Open Letter to My Biological Sister


Polaroid self-portrait circa 1990

I have a hard time calling you "Dear." I have a hard time calling you "sister."

It's been over seven years since we've seen each other. It's been at least three years, maybe four since we've spoken on the phone. I don't know, I've lost track.

It's been six months since I messaged you on your birthday. It's been two months since you didn't message me on my birthday.

At some point, you decided to break free from me. I don't know when. I didn't notice.

I'm glad you don't need me anymore.

We grew up 15 months apart, nearly the same size, wearing the same furry winter coats - so much so that we were always mistaken as twins. As much as you always wanted to be the older sister, you were always sensitive, naive, intimidated by and shrinking away from everything. You waited in vain for our parents to bestow privileges on you, but they were too busy manipulating us and pitting us against each other. They considered every permission a favor, every gift a loan. We owed them for our miserable lives, lives we never wanted despite Twinkies for breakfast and Barbie Doll Dreamhouses.

You always thought if you were a better daughter, our family wouldn't be falling apart.

You always thought if I could just be quiet, our mother wouldn't scream and cry all the time, threatening to drown herself in a warm bath.

I could not just be quiet.

I seized life, demanded freedom and lipstick and pantyhose and chorus and drama club, despite the emotionally bankrupting line of credit that I racked up with them.

Throughout our lives sequestered in that house together, I would wonder from day to day if I would be your best friend or your worst enemy.

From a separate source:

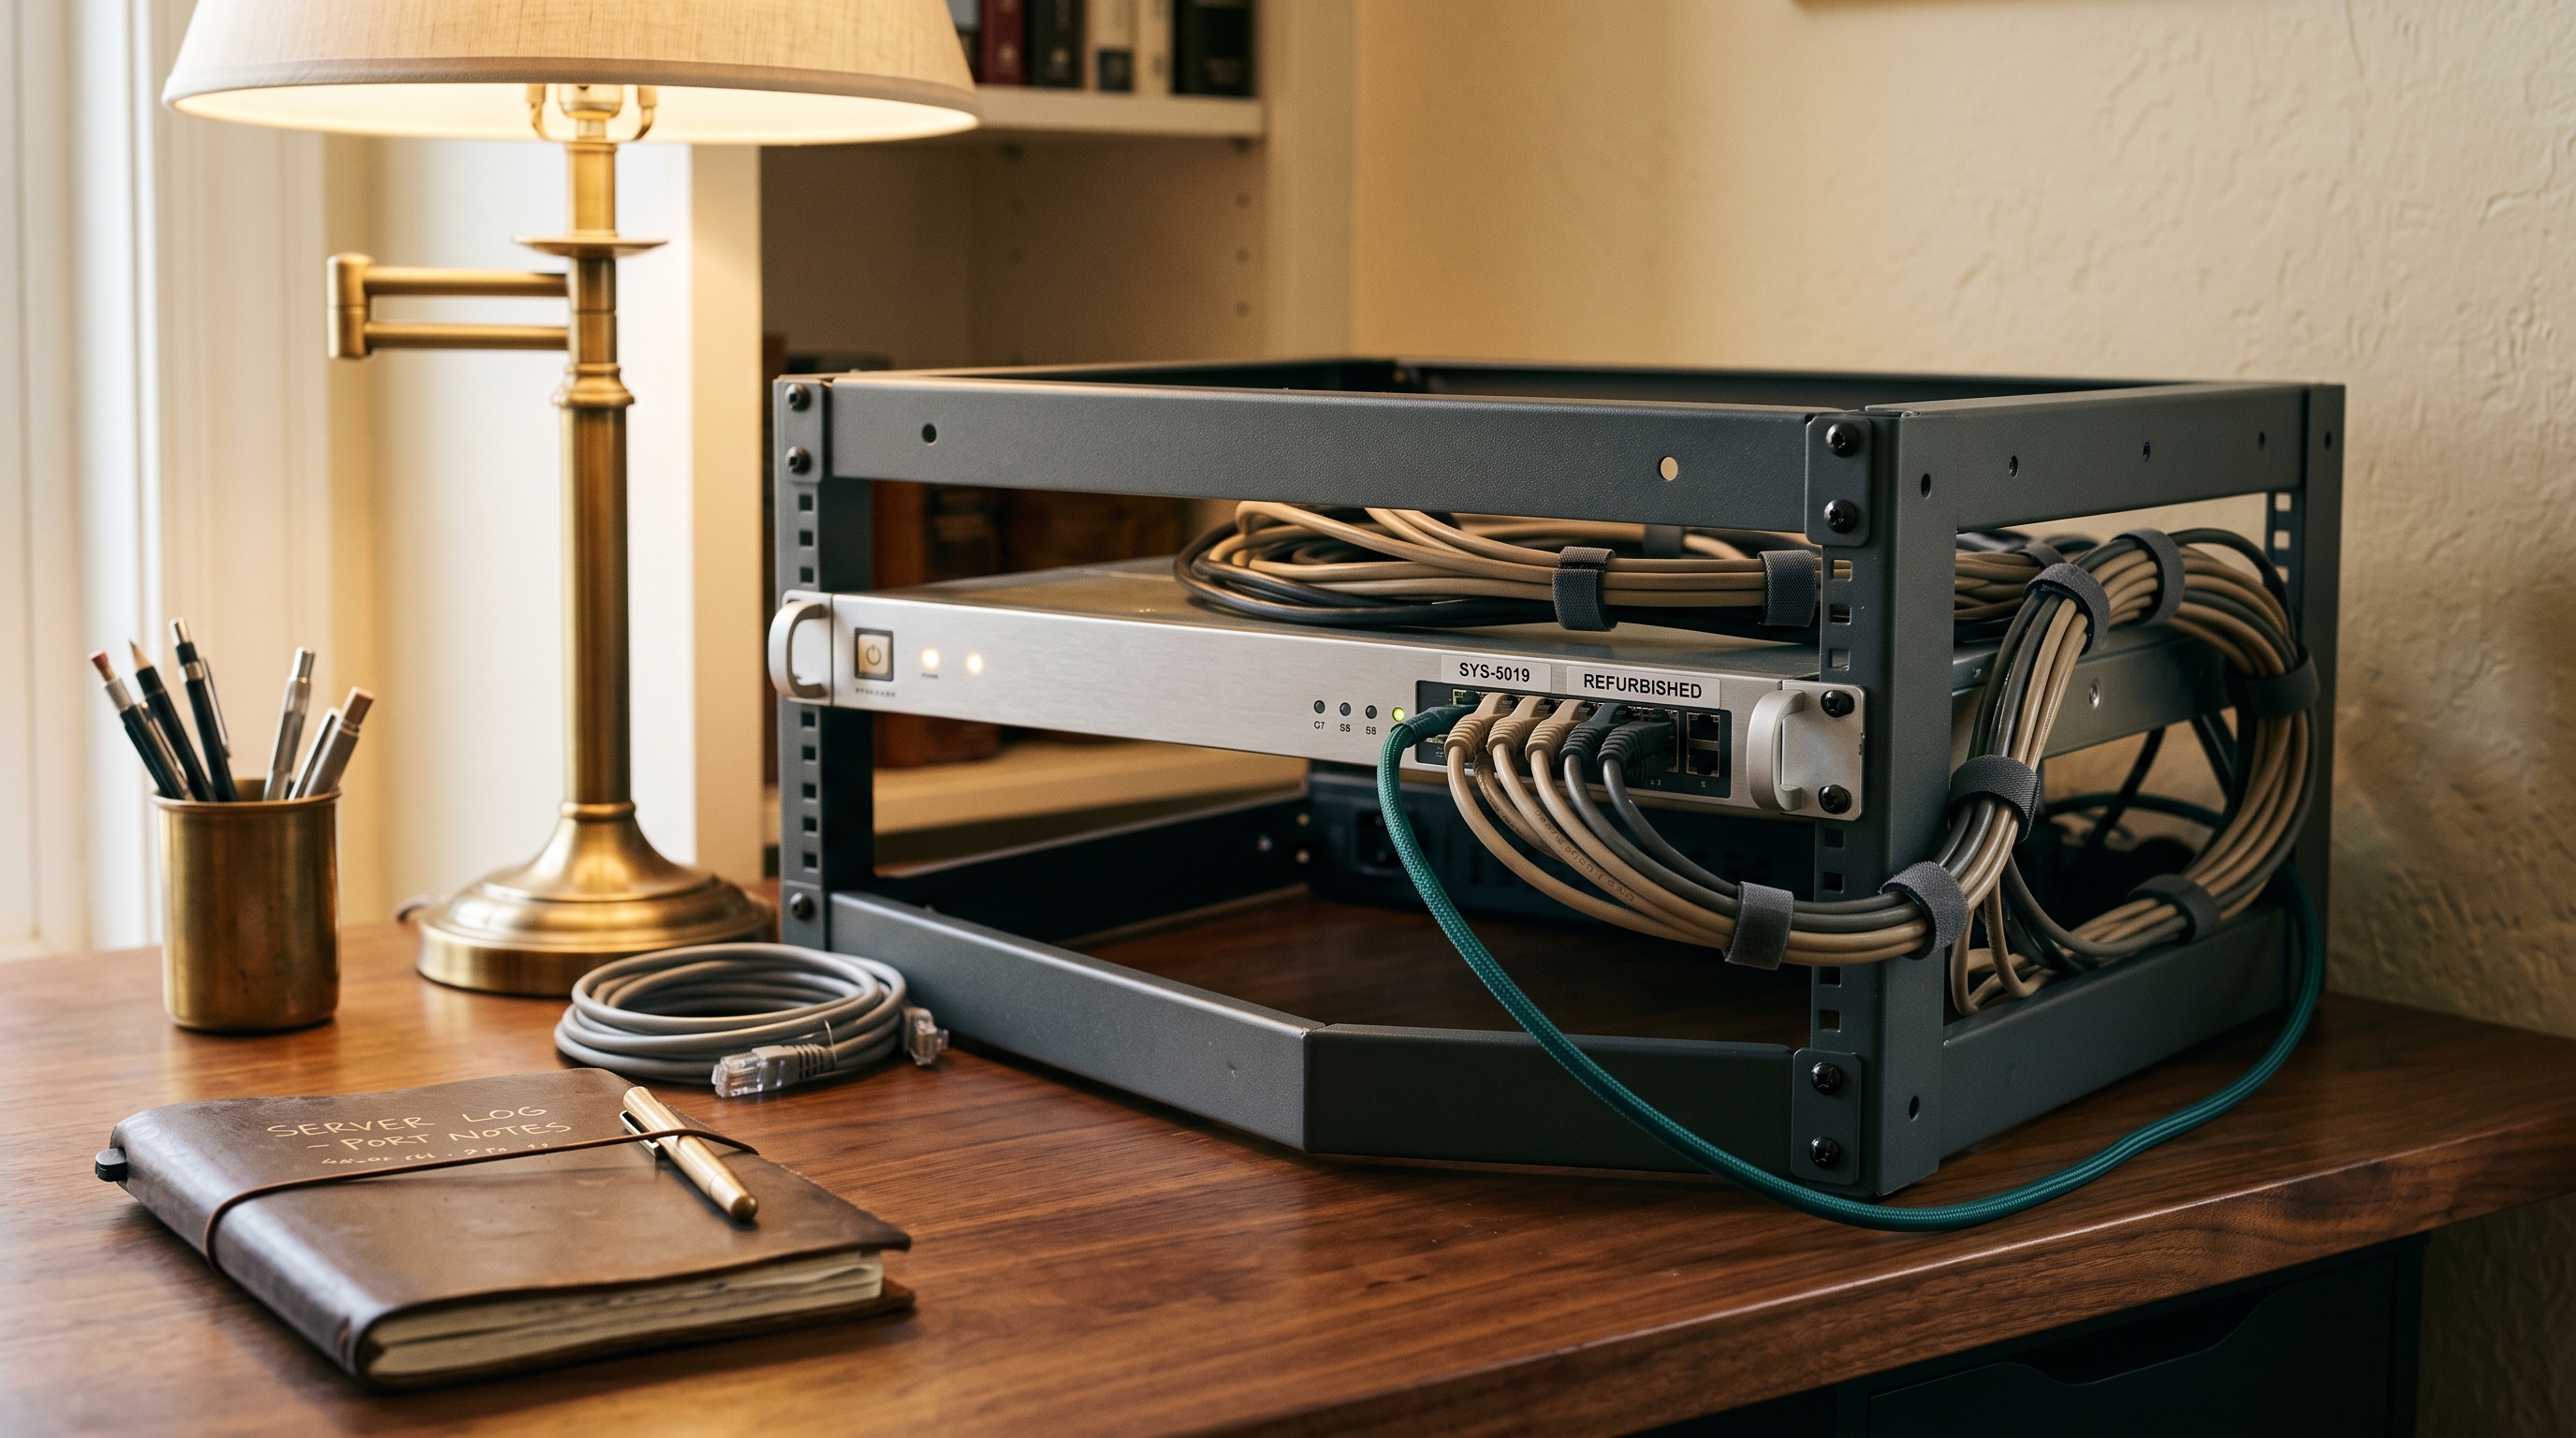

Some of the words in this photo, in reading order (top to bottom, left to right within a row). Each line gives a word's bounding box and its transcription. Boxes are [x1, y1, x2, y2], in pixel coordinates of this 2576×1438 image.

When I cried myself to sleep nearly every night, you told me to shut up because I was keeping you up. When you stayed at home the nights of your proms, I acted out the entire Grease soundtrack in our basement to entertain you.

When you went away to college, not necessarily upgrading roommates from me to a suicidal, evil-note-writing nutjob, I sent you cassette recordings of all of our stuffed animals, singing songs and performing skits to cheer you up and keep you company.

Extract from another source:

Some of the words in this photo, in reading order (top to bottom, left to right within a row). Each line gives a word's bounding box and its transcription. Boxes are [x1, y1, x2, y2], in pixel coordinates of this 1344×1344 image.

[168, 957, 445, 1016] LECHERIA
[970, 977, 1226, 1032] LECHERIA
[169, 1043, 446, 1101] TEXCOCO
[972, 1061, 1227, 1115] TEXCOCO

When I followed you the next year to the same college, you didn't want to introduce me to any of your friends because you were afraid they'd like me more. Some of them did like me more.

So there.

I needed you most when we were really young, when I was getting bare-bottom spanked with an unfinished wooden board in the basement, when I was exiled to the hot attic in the middle of summer as punishment for something I didn't do. You couldn't help me then. You could never help me.

And so as I grew up, I learned to not need you.

I haven't needed you for a long time.

I thought I'd expelled you from my life altogether six years ago when I refused to spend Christmas Day with our parents, to avoid seeing you. I'd decided my life was better without you. They were aghast and appalled but agreed to meet me for lunch the next day. That was the last time I saw them, and a month before the last time I spoke with them.

I had a nice break from you after that, letting the toxicity of our family seep out of my pores, learning to absorb the love bestowed upon me by another family who didn't seem to require blood ties in order to love me.

And then two years later you came crawling back to me. It wasn't the first time you'd begged for forgiveness. It wasn't the first time you protested too much. And I knew that eventually you'd crawl back to our parents, to those who've done nothing since we were born but poison the well, rendering us paranoid, discredited, phobic, suspicious, and worst yet, alone in this world.

They tried to convince us that the world was out to get us, when in truth, the world was waiting for us to be brave enough to enter it. They always protected us from everything except the one thing that was harming us most: them.

You always needed our family more than I did.

Then again, I eventually found family somewhere else. Someone's family always took me in: Nicki's, Chrissy's, Jon's, Michelle's, and through it all, Maria's. You never had that. You never found it.

Maybe you've found it now, and that's why you no longer need me. Good for you. You don't have to explain. You're doing what you have to do.

It's not your fault. You're damaged goods, too.

Have a life. Live well. Take comfort in your cats. I hope you're happier without me. Neither one of us needs a reminder of our dysfunctional past.

But don't think you can come in and out of my life as you please. I'm getting off the rollercoaster and focusing on the family whose love I need not question.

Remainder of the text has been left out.